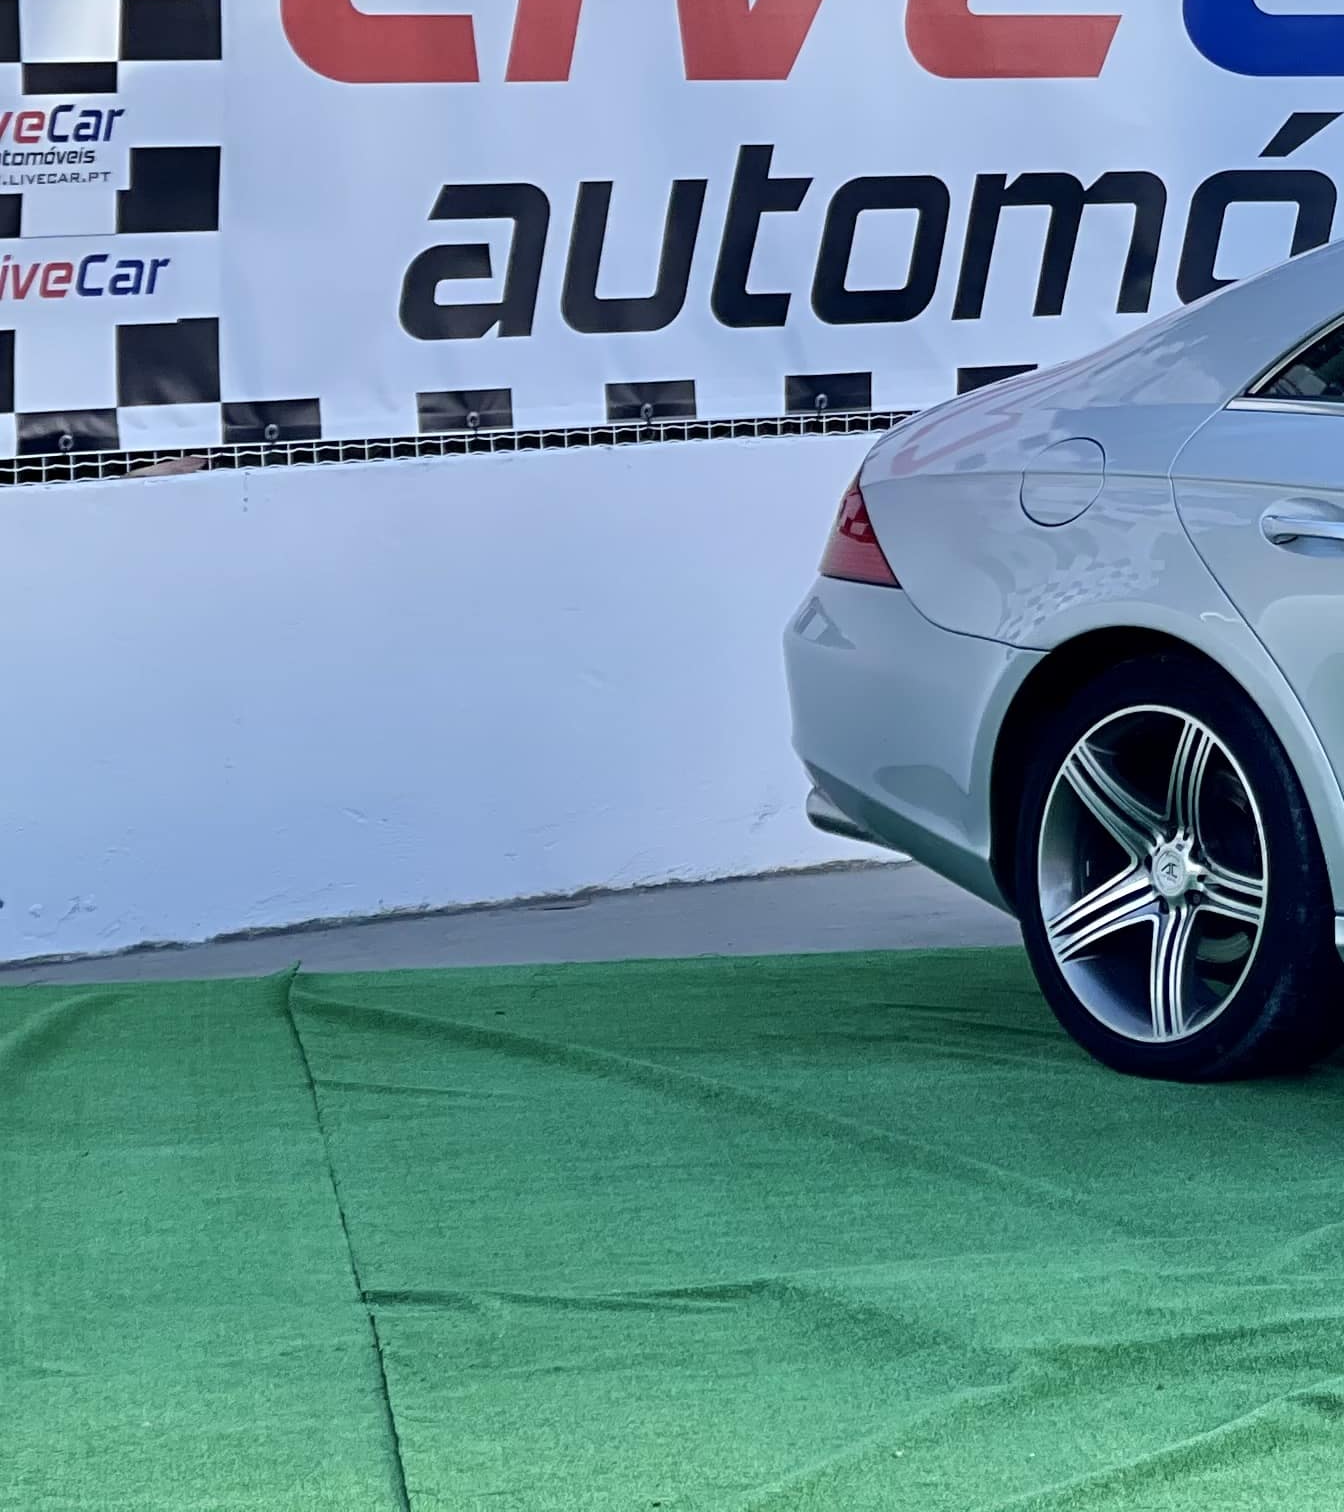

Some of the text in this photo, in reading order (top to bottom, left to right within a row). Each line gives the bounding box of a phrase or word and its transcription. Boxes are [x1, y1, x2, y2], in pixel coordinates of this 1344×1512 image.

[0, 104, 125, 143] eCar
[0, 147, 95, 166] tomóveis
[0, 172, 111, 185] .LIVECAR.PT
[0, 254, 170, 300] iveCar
• • • • • • •
Would you give the records again exactly, dropping the pictures?

Some of the text in this photo, in reading order (top to bottom, left to right within a row). Each line gives the bounding box of a phrase or word and its transcription. Boxes are [x1, y1, x2, y2], in pixel coordinates of this 1344×1512 image.

[0, 104, 125, 143] eCar
[0, 147, 95, 166] tomóveis
[0, 172, 111, 185] .LIVECAR.PT
[0, 254, 170, 300] iveCar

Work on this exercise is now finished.